WHAT THE TASK ASKS
Transcribe the data exactly. Pictures stay out.

Stored data entries

══════

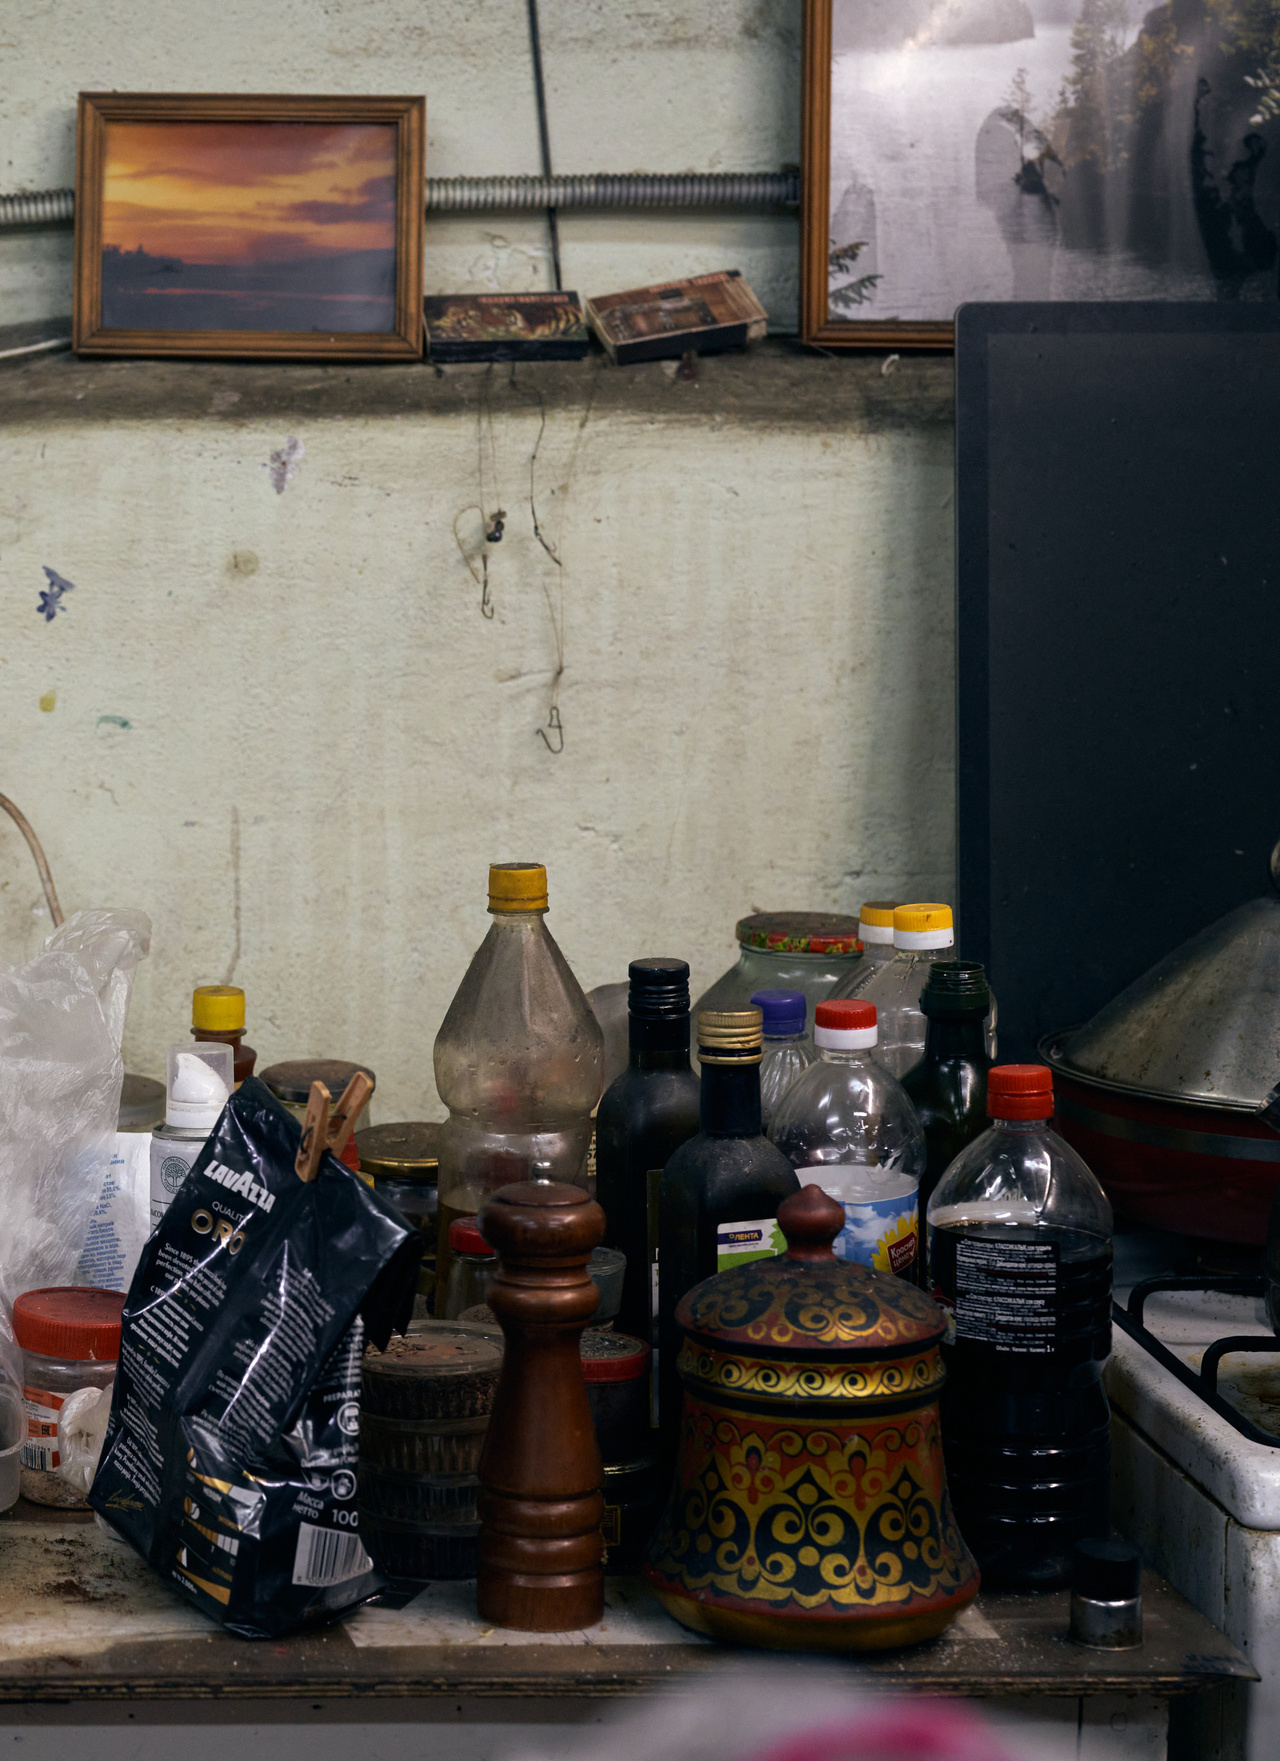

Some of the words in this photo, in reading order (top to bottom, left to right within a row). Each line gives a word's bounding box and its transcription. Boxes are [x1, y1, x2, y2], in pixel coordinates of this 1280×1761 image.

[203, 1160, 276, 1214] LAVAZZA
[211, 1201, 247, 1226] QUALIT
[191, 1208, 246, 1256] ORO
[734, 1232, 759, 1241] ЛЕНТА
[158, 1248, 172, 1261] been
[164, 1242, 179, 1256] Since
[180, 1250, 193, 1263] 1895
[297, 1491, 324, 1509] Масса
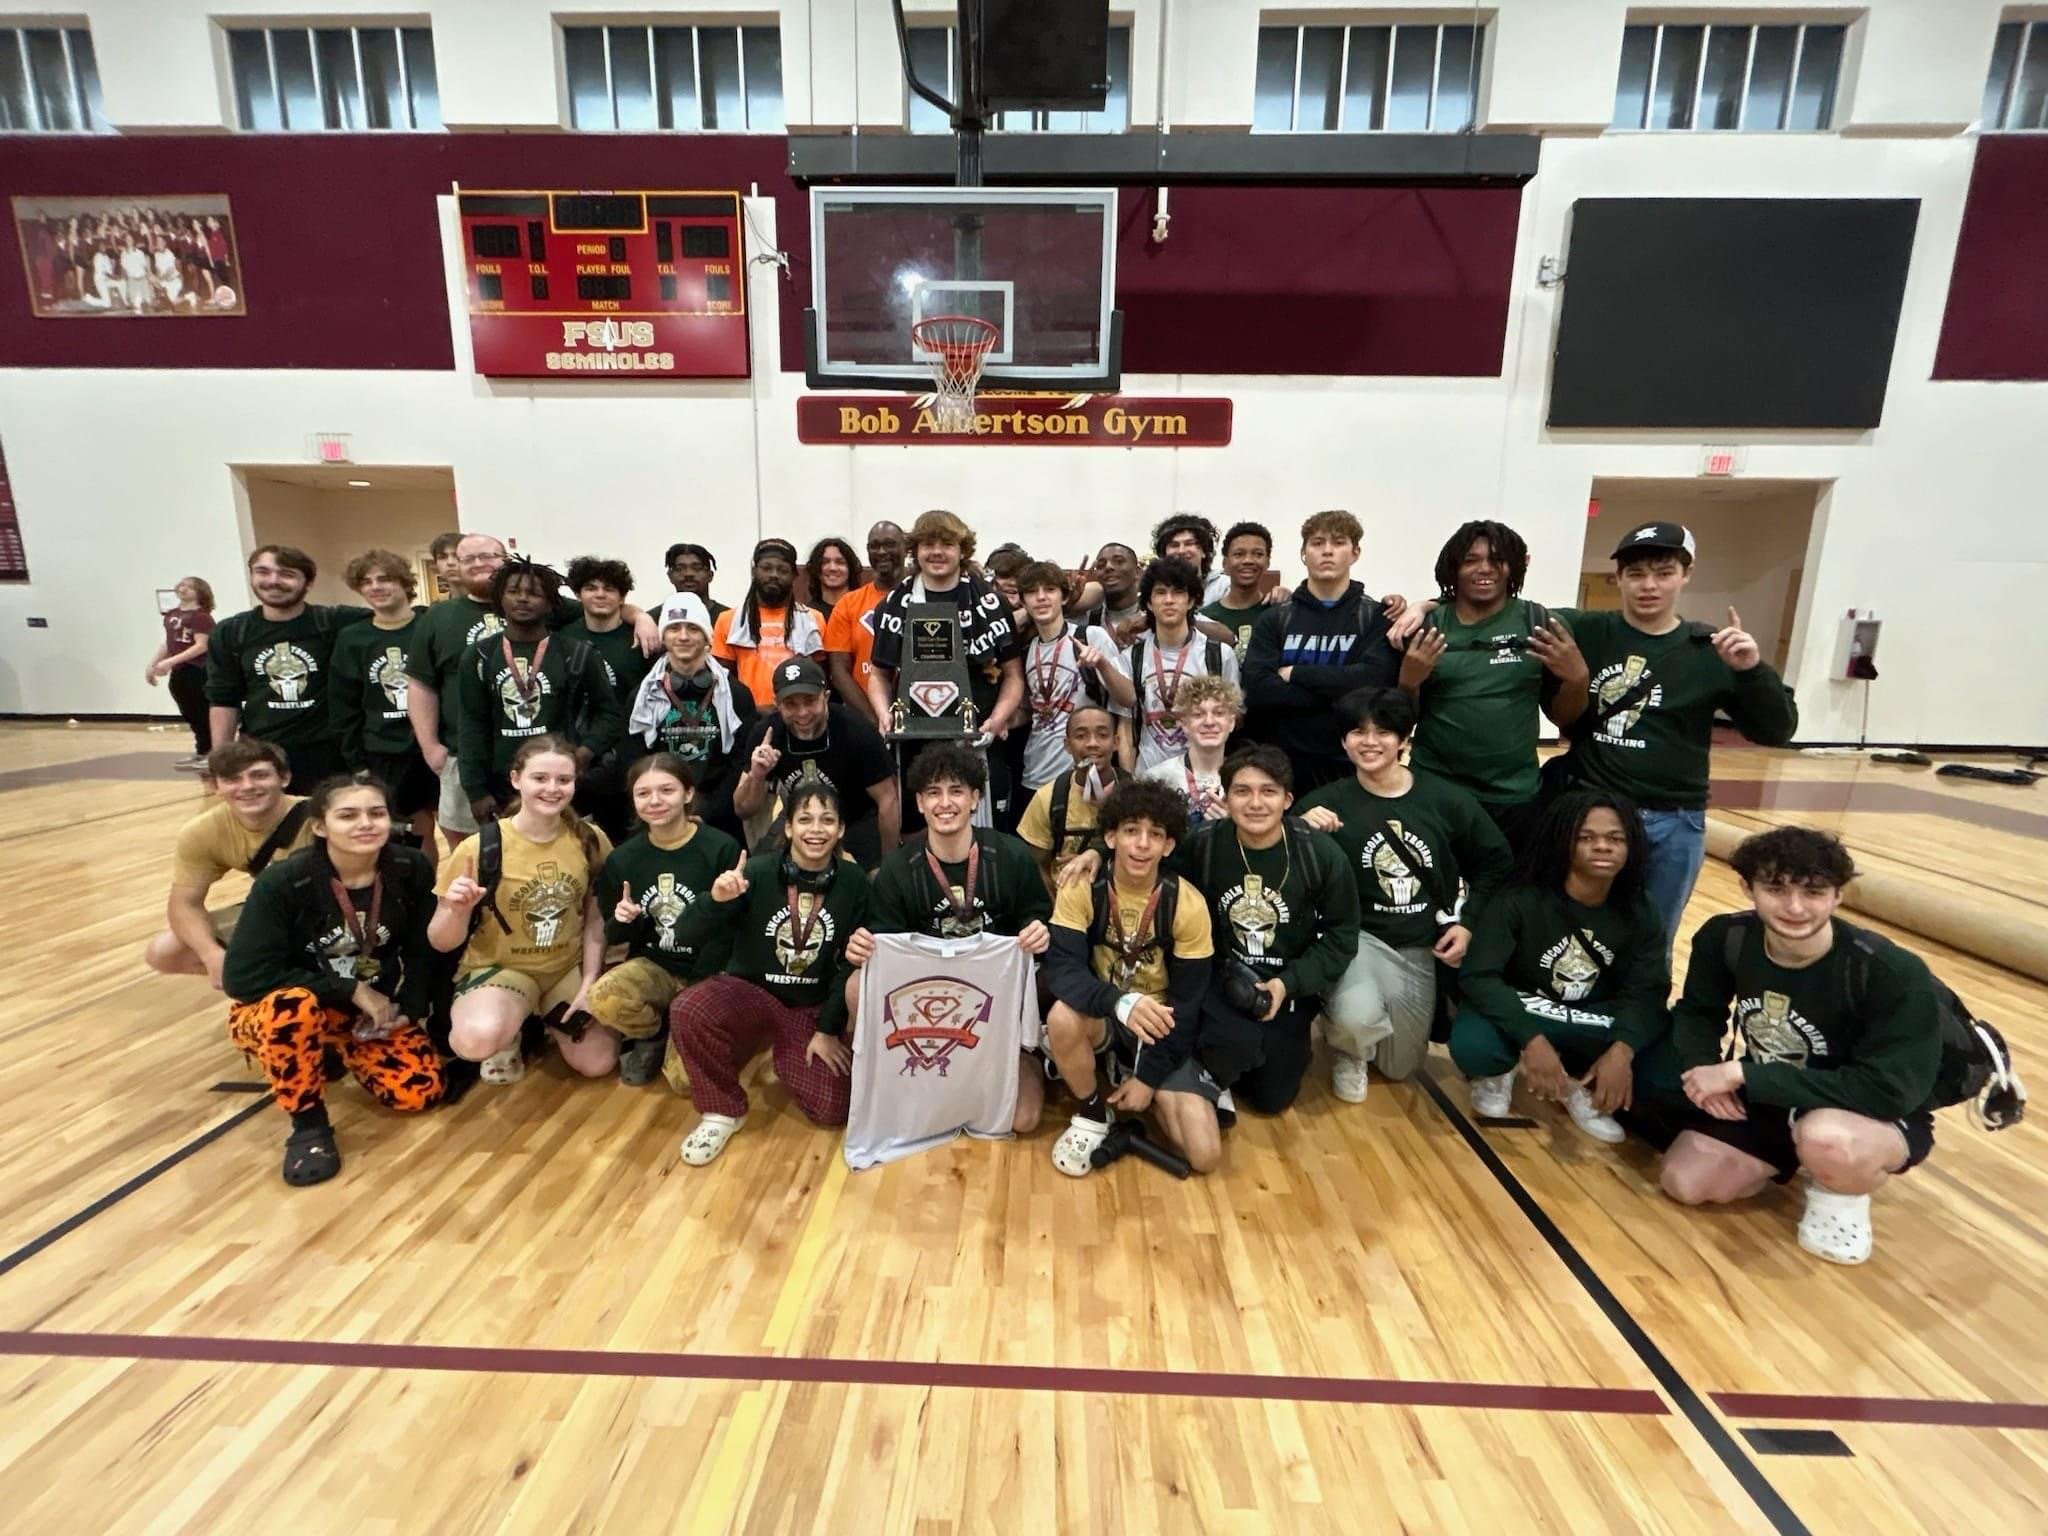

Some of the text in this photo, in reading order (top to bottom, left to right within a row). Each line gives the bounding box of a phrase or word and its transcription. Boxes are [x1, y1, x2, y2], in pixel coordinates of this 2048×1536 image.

══════

SOLUTION TO THIS EXERCISE
Some of the words in this photo, in reading order (top to bottom, left to right within a row). Each line gives a word's bounding box and its transcription. Boxes are [x1, y1, x2, y2], in pixel coordinates of this 1280×1761 image.

[203, 1160, 276, 1214] LAVAZZA
[211, 1201, 247, 1226] QUALIT
[191, 1208, 246, 1256] ORO
[734, 1232, 759, 1241] ЛЕНТА
[158, 1248, 172, 1261] been
[164, 1242, 179, 1256] Since
[180, 1250, 193, 1263] 1895
[297, 1491, 324, 1509] Масса

Some of the text in this photo, in reading order (top to bottom, left to right within a row). Each line gives the bounding box of a phrase or word and its transcription. Boxes are [x1, y1, x2, y2], in pixel coordinates of this 2048×1536 image.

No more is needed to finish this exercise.